Q. The only carbohydrate present in the milk is
- Maltose
- Sucrose
- Glucose
- None of the above
Answer: d)
- Cow’s milk contains 4 or 5% lactose. Lactose, being water soluble, is associated with the whey portion of dairy foods.
Q. The father of white revolution is
- Dr. M. Kurien
- Dr. V. Kurien
- Dr. S. Kurien
- Dr. A. Kurien
Answer: b)
- Dr Kurien engineered the White Revolution in India, and made India the largest milk producer in the world. Lovingly called the Father of the White Revolution in India, Dr Verghese Kurien was born on November 26, 1921.
Q. Marinades are prepared from
- Egg
- Meat
- Fish
- Cereals
Answer: c)
Marinades are mixtures of oil, seasonings, and often acidic ingredients, like vinegar, wine, or citrus juice, used to enhance the flavor of foods. There are different types of marinades, classified as acidic, enzymatic, or oil-based by which the fish is cured.

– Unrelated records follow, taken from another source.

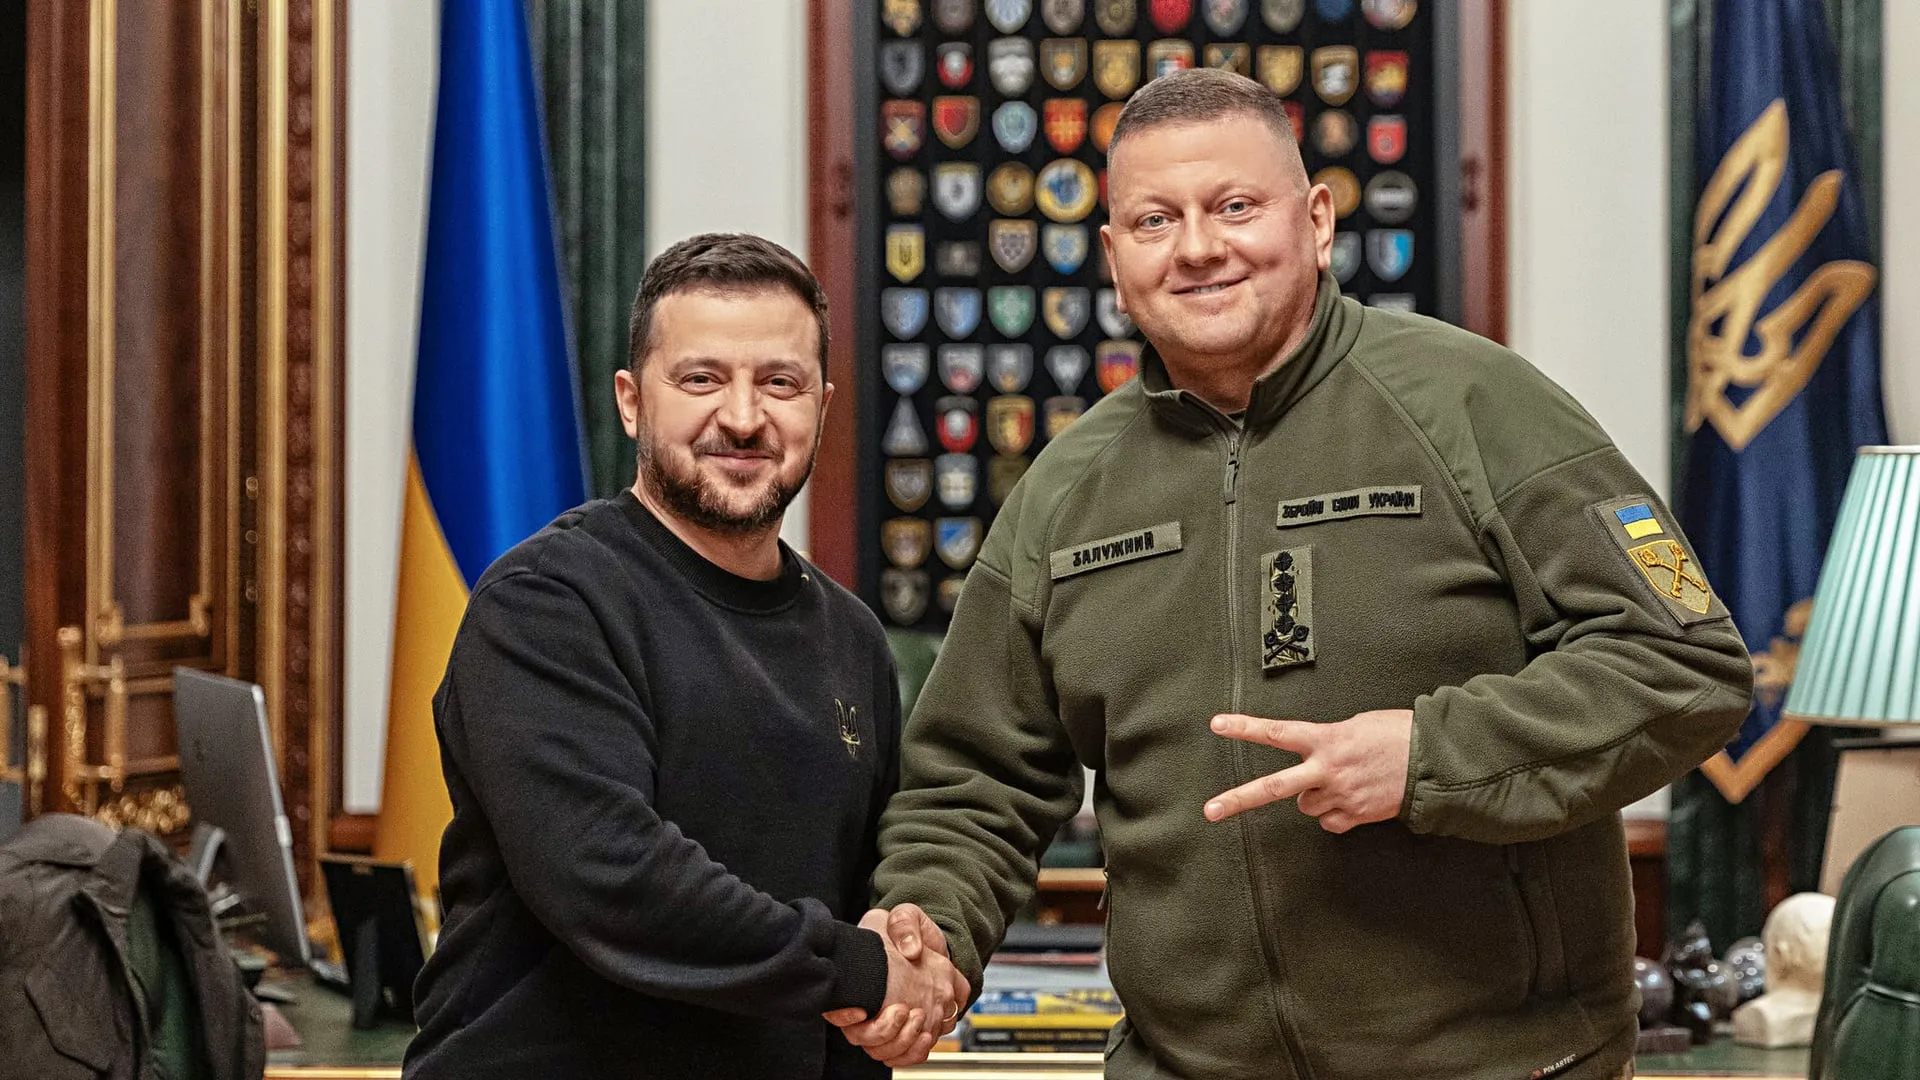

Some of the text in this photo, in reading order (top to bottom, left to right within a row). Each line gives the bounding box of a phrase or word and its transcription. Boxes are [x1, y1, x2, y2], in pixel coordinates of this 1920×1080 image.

[1369, 491, 1415, 509] УКРАЇНИ
[1073, 531, 1154, 567] ЗАЛУЖНИЙ
[1543, 1053, 1576, 1074] POLARTEC
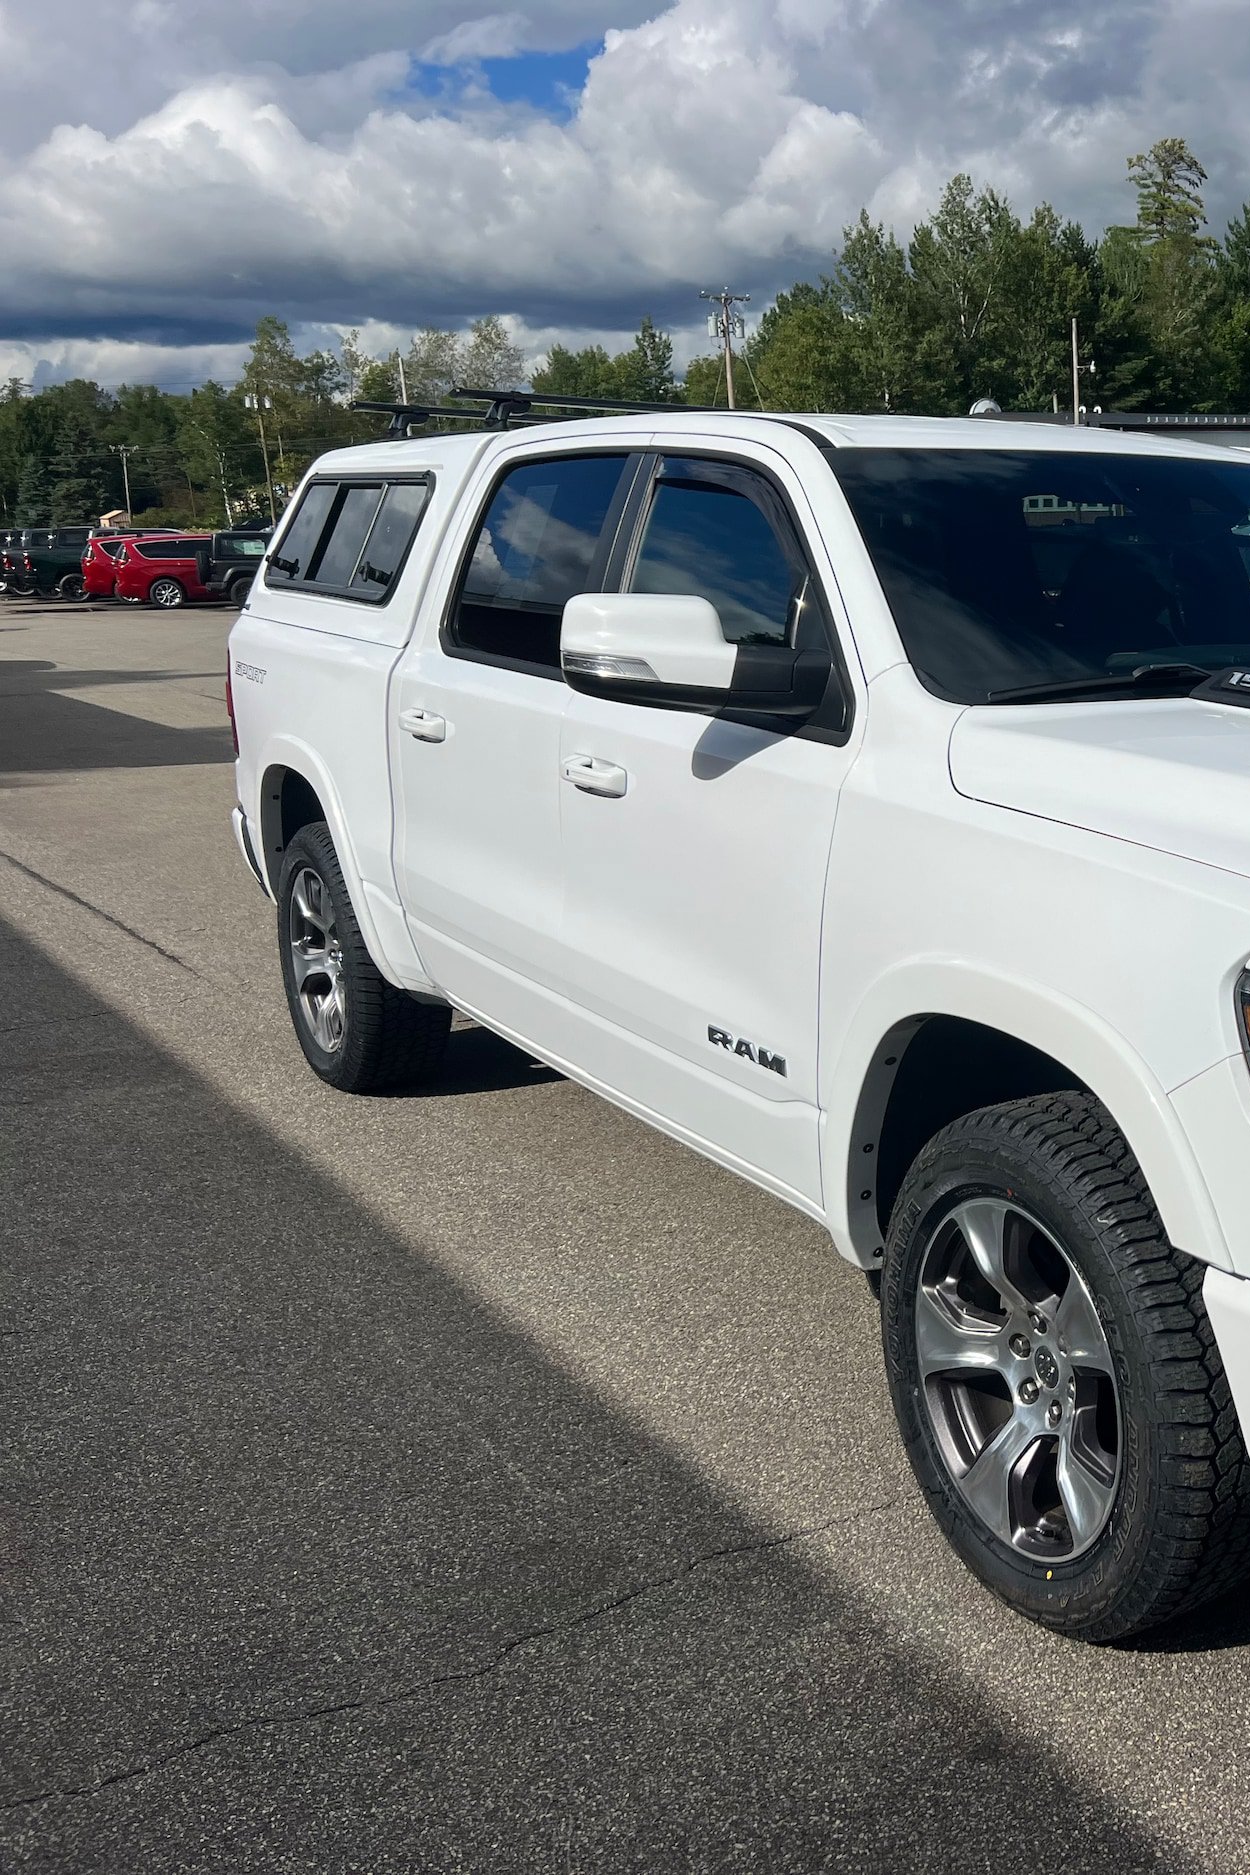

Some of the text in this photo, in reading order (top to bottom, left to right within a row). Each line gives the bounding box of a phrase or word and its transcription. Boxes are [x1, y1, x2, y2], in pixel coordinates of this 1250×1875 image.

[235, 660, 267, 685] SPORT
[707, 1023, 788, 1079] RAM
[885, 1199, 921, 1384] YOKOHAMA

Q. Nitrate and Nitrite along with Sodium Chloride is called as
- Curing agent
- Emulsifier
- Anticaking agent
- Fumigating agent
Answer: a)
Curing is the addition to meats of some combination of salt, sugar, nitrite and/or nitrate for the purposes of preservation, flavor and color. Some publications distinguish the use of salt alone as salting, corning or salt curing and reserve the word curing for the use of salt with nitrates/nitrites. The cure ingredients can be rubbed on to the food surface, mixed into foods dry (dry curing), or dissolved in water (brine, wet, or pickle curing). In the latter processes, the food is submerged in the brine until completely covered. With large cuts of meat, brine may also be injected into the muscle. The term pickle in curing has been used to mean any brine solution or a brine cure solution that has sugar added.

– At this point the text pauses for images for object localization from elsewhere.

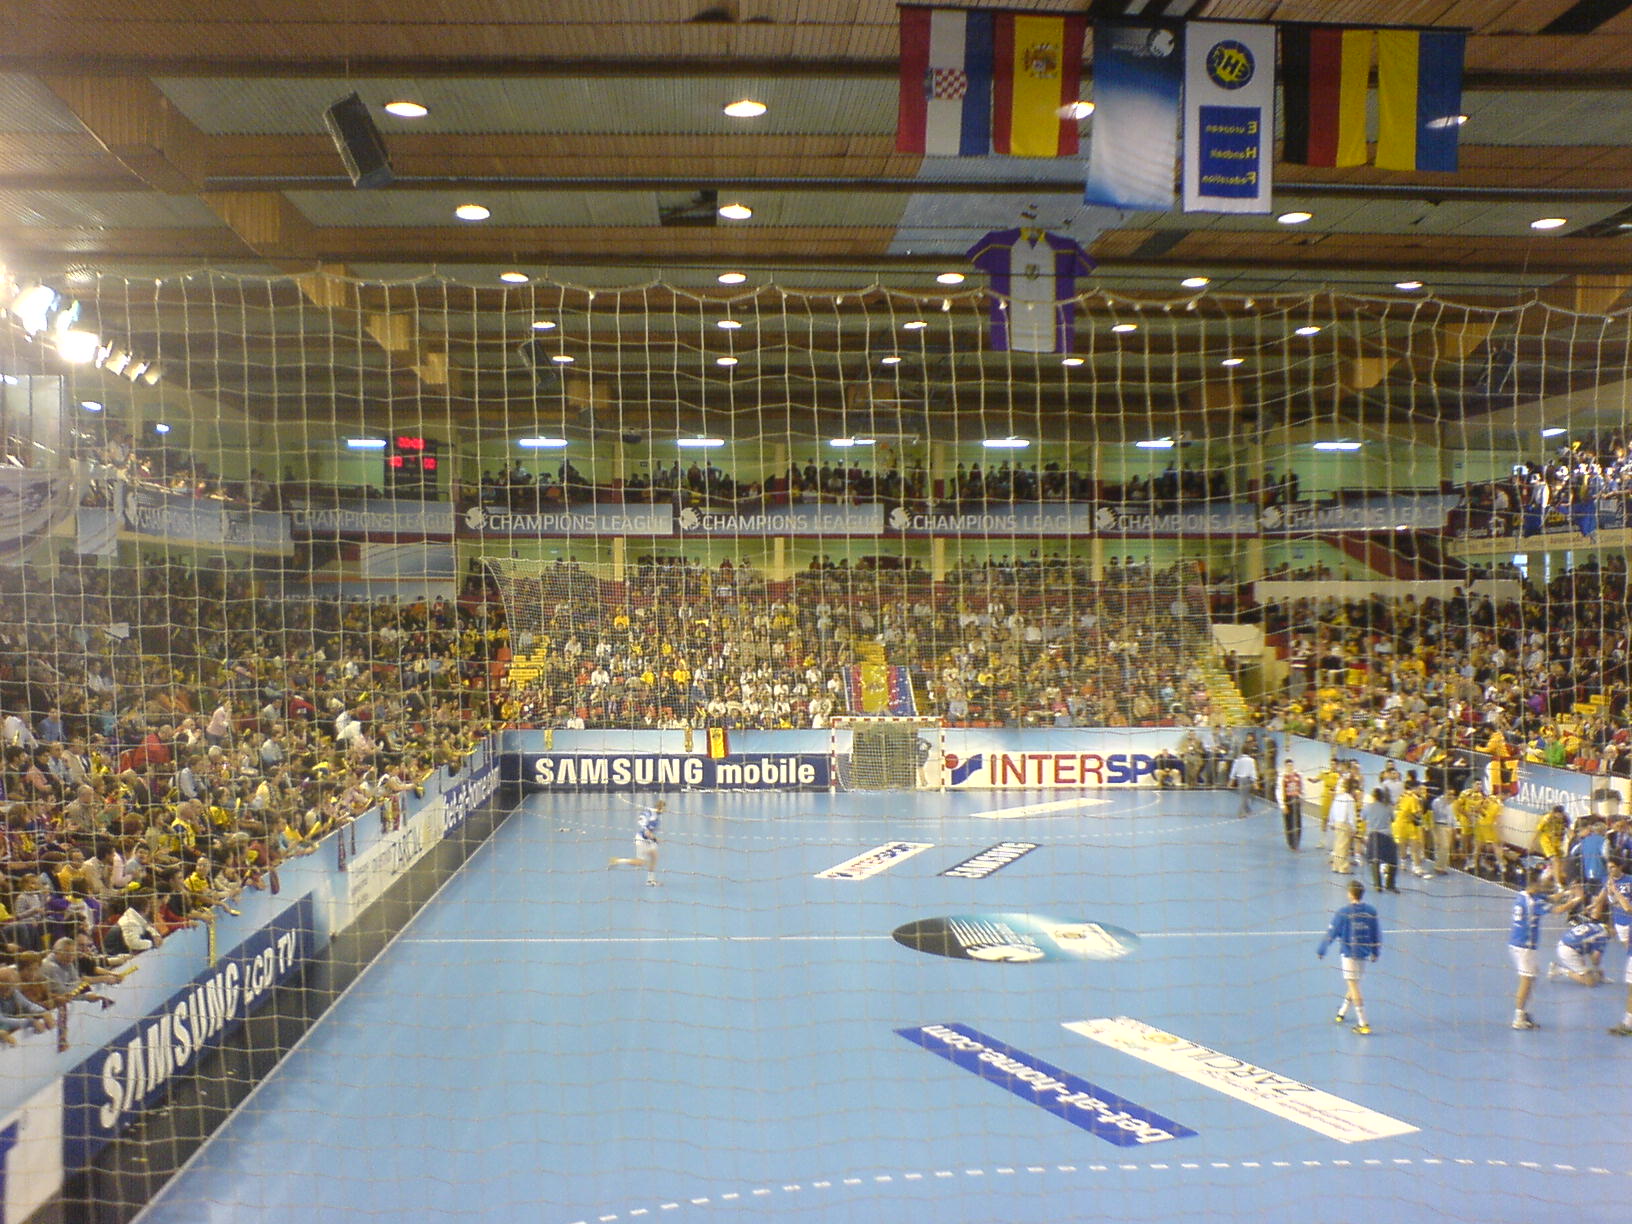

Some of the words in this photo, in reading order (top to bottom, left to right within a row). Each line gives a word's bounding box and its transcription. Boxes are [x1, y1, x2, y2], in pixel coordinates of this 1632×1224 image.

[490, 514, 593, 530] CHAMPIONS
[602, 515, 669, 530] LEAGUE
[703, 515, 807, 530] CHAMPIONS
[913, 515, 1017, 530] CHAMPIONS
[535, 758, 703, 785] SAMSUNG
[716, 758, 815, 784] mobile
[990, 753, 1179, 785] INTERSP
[100, 962, 240, 1129] SAMSUNG
[244, 947, 274, 1006] LCD
[277, 928, 297, 974] TV

Q. Condition of toughening of the muscle of the meat after slaughtering of animals is called.
- Rigor toughening
- Rigor mortis
- Rigor hardening
- Rigor tightening
Answer: b)
The conversion of muscles to meat is completed when muscles have depleted their energy reserves or have lost the ability to utilize remaining reserves. In living muscles at rest, an ATP molecule binds to each myosin molecule head and in this condition the myosin head is said to be “charged”. In resting muscle, further developments between the actin and myosin of thin and thick myofilaments are prevented by the intrusion of tropomyosin molecules.
Contraction in living muscle is initiated by the release of calcium ions from the sarcoplasmic reticulum, and followed by the removal of the tropomyosin intrusion. As a muscle contracts, charged myosin molecules heads attach to actin molecules, ATP is split to ADP with a release of energy, and the myosin molecule head swivels to cause filament sliding.
The myosin molecule head, which is still attached to its site on the actin, can only detach itself if a new ATP molecule is available to be be bound. When muscle is converted to meat, myosin molecule heads remain locked to actin and even passive filament sliding is impossible.